**Supplied material**
****************************************
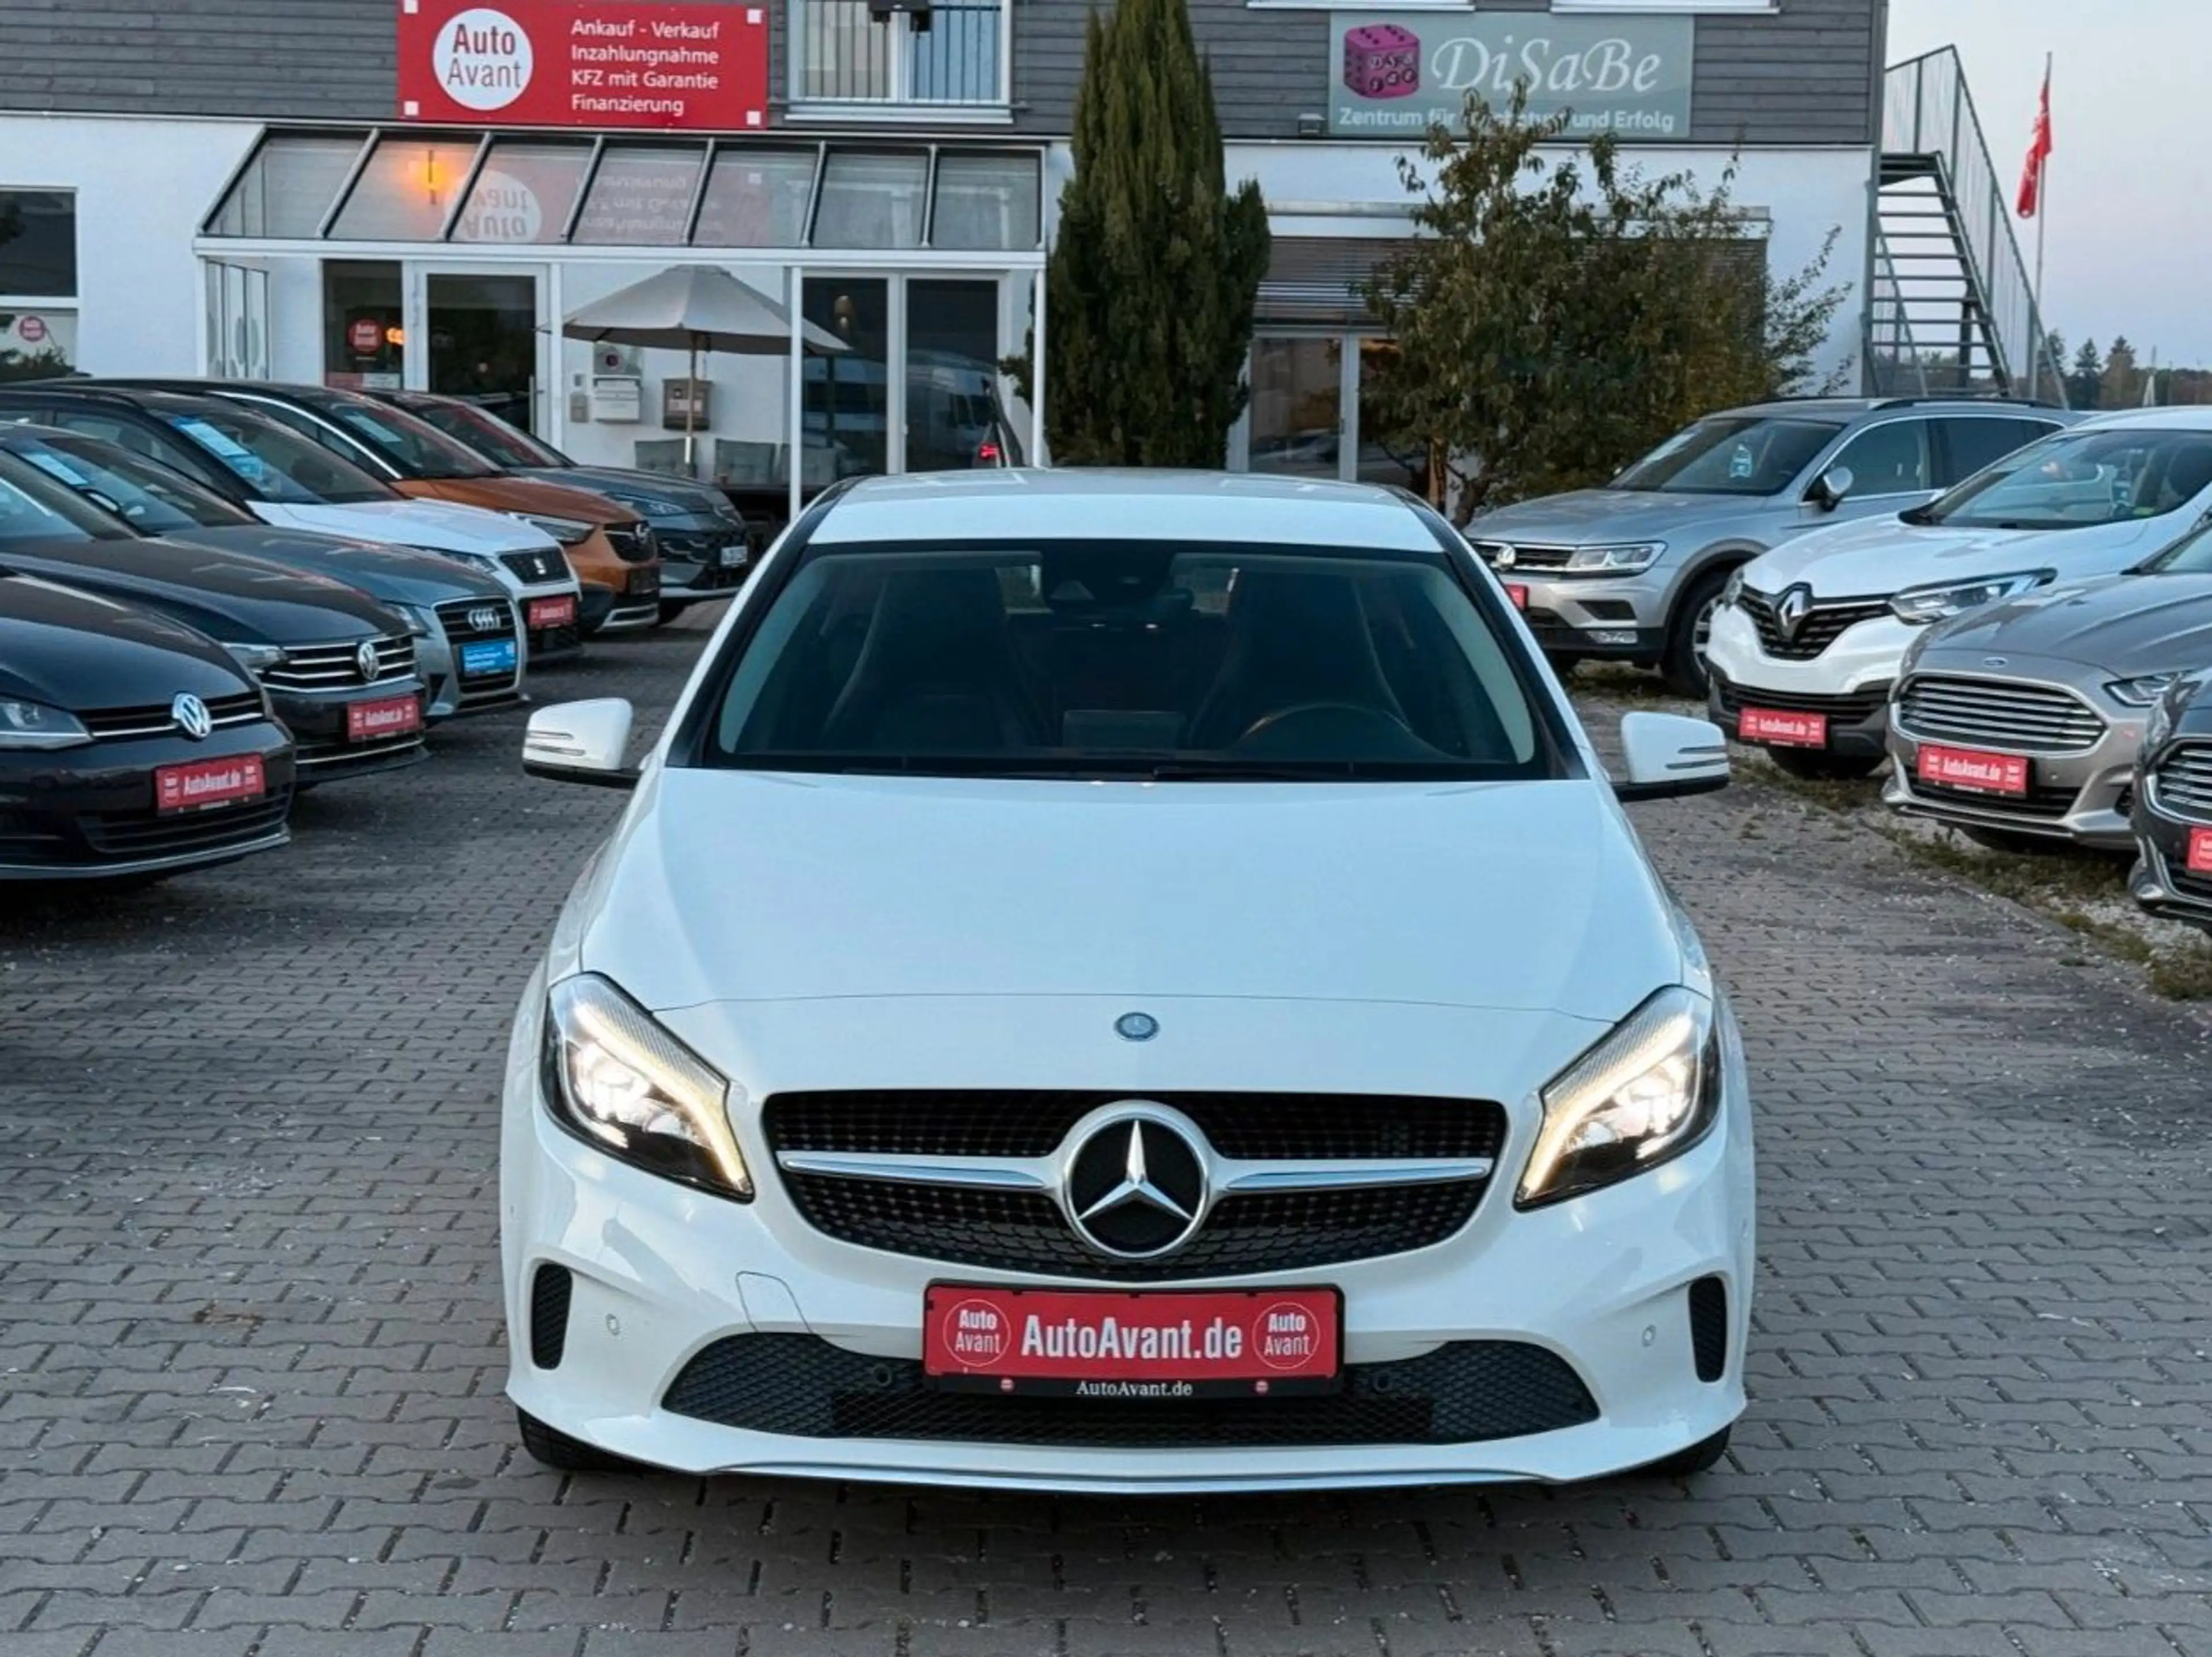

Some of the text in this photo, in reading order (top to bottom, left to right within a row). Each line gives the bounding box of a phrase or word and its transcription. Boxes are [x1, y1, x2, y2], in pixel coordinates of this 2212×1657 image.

[452, 23, 516, 55] Auto
[571, 18, 636, 37] Ankauf
[650, 20, 719, 39] Verkauf
[571, 44, 719, 66] Inzahlungnahme
[1431, 35, 1661, 94] DiSaBe
[447, 58, 521, 88] Avant
[571, 70, 718, 89] KFZ mit Garantie
[571, 94, 684, 117] Finanzierung
[1339, 107, 1423, 126] Zentrum
[1428, 107, 1456, 126] für
[1573, 110, 1609, 128] und
[1615, 111, 1675, 132] Erfolg
[959, 1309, 998, 1329] Auto
[1268, 1313, 1306, 1332] Auto
[955, 1331, 1000, 1353] Avant
[1021, 1315, 1243, 1359] AutoAvant.de
[1264, 1333, 1310, 1355] Avant
[1076, 1380, 1192, 1397] AutoAvant.de
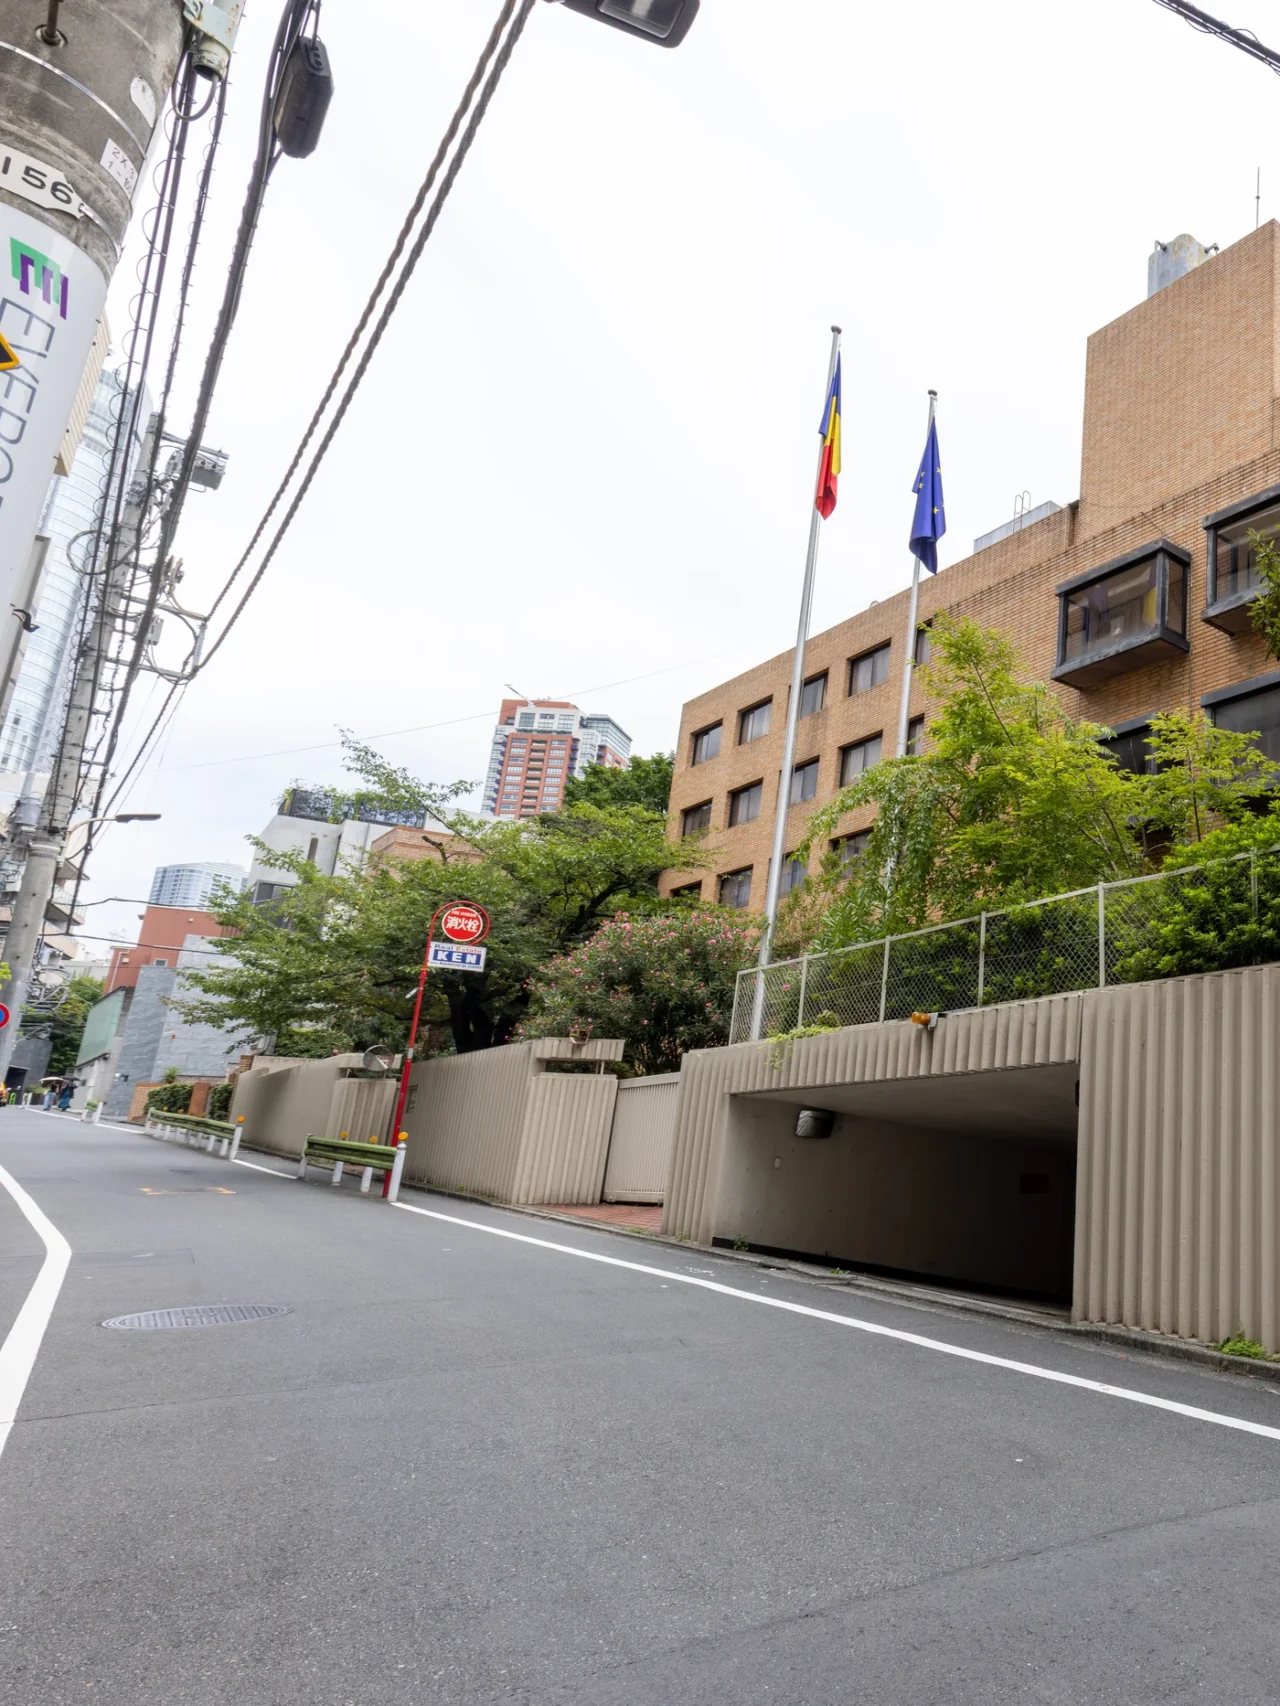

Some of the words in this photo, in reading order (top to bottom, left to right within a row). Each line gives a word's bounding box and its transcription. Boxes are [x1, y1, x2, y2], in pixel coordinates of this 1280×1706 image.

[2, 156, 73, 205] 156
[446, 916, 479, 932] 消火栓
[437, 950, 477, 964] KEN
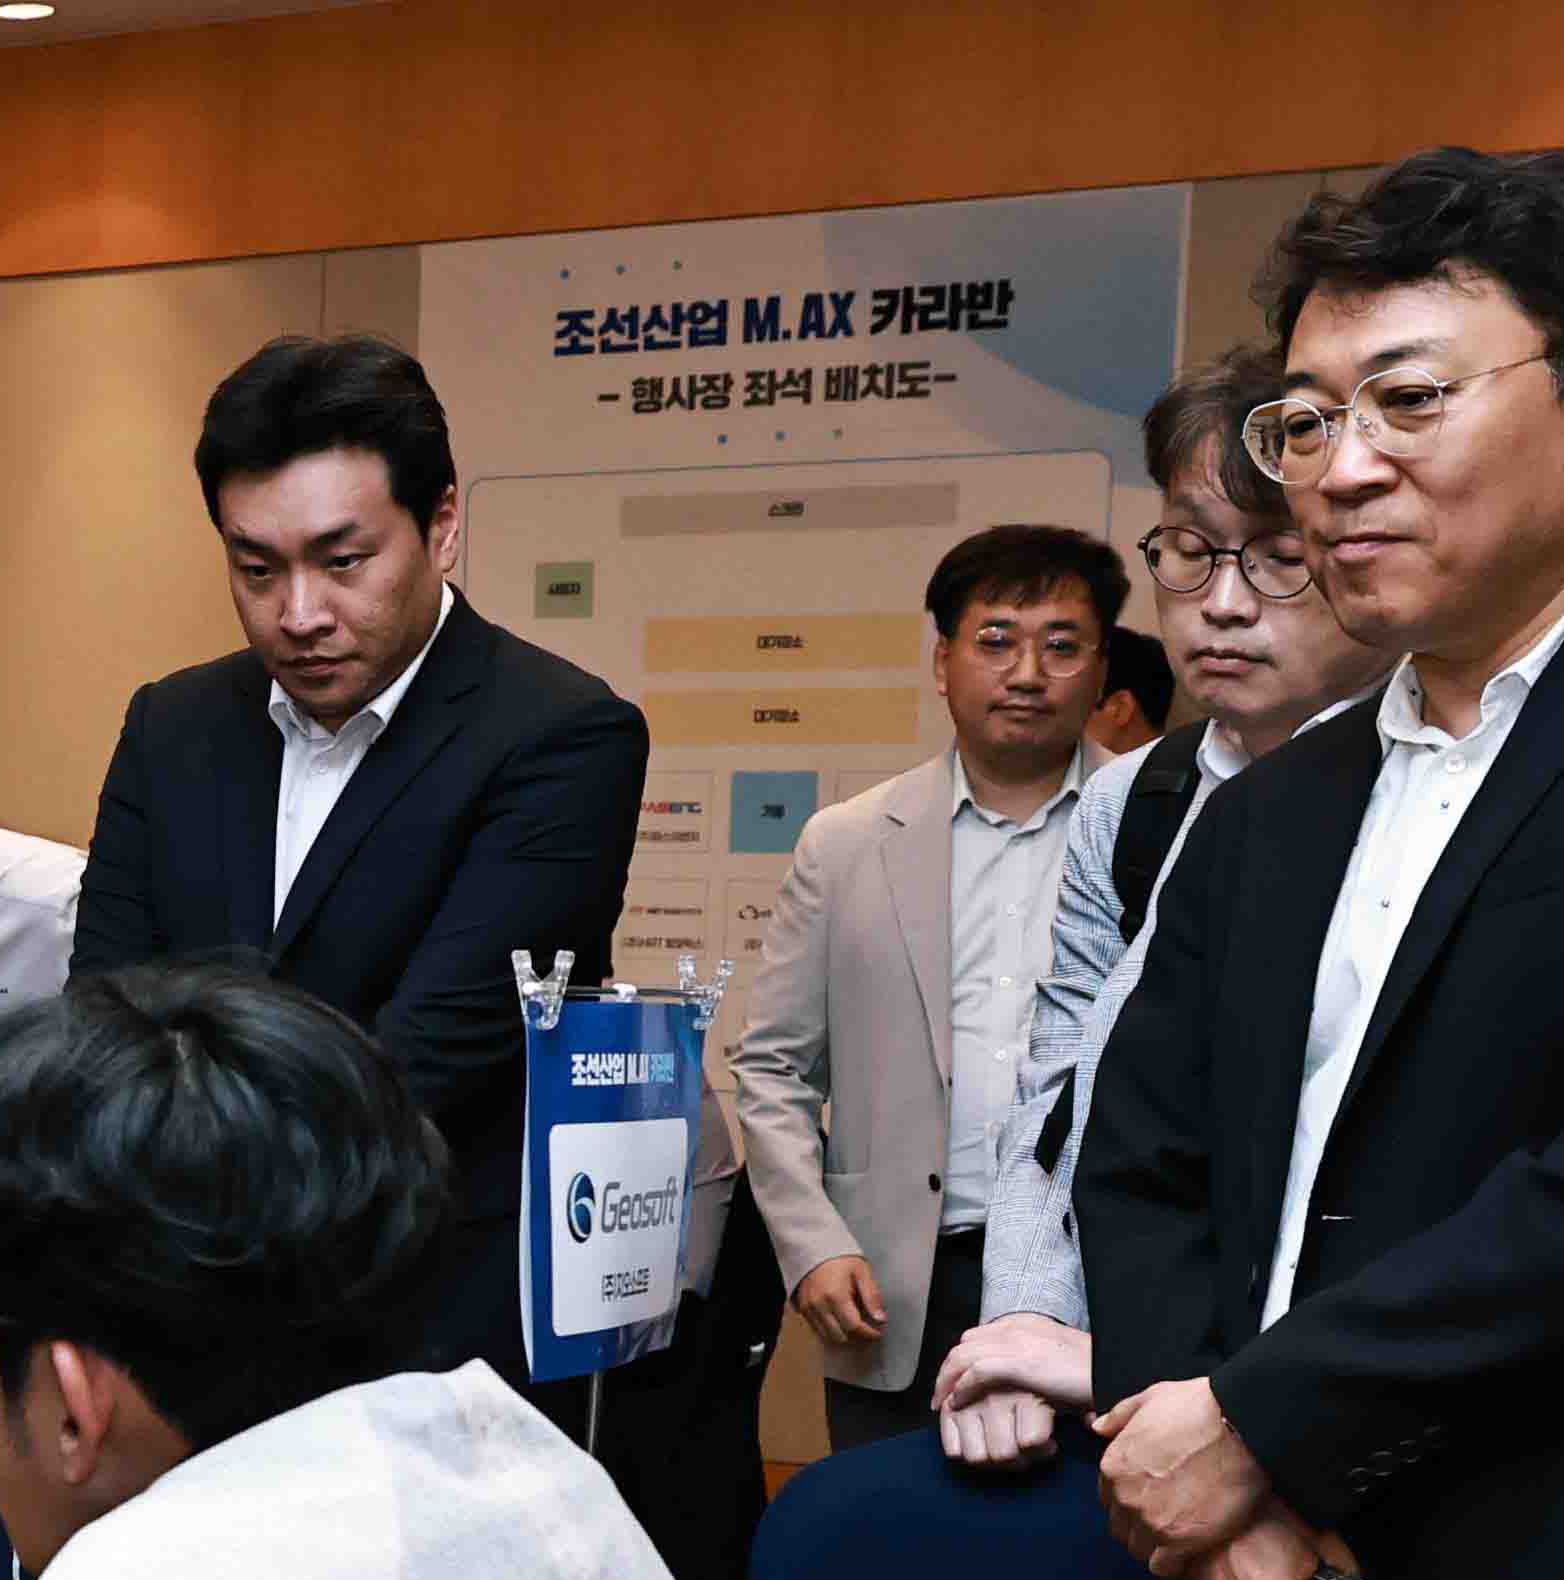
****************************************
**Exercise goal**
In the records above, locate the line containing "Some of the words", then copy exactly that line and every line after it through the end, omitting pictures.

**Expected answer**
Some of the words in this photo, in reading order (top to bottom, left to right within a row). Each line gives a word's bounding box and its transcription. Boxes are [x1, y1, x2, y2], in pixel coordinates of this 1280×1706 image.

[2, 156, 73, 205] 156
[446, 916, 479, 932] 消火栓
[437, 950, 477, 964] KEN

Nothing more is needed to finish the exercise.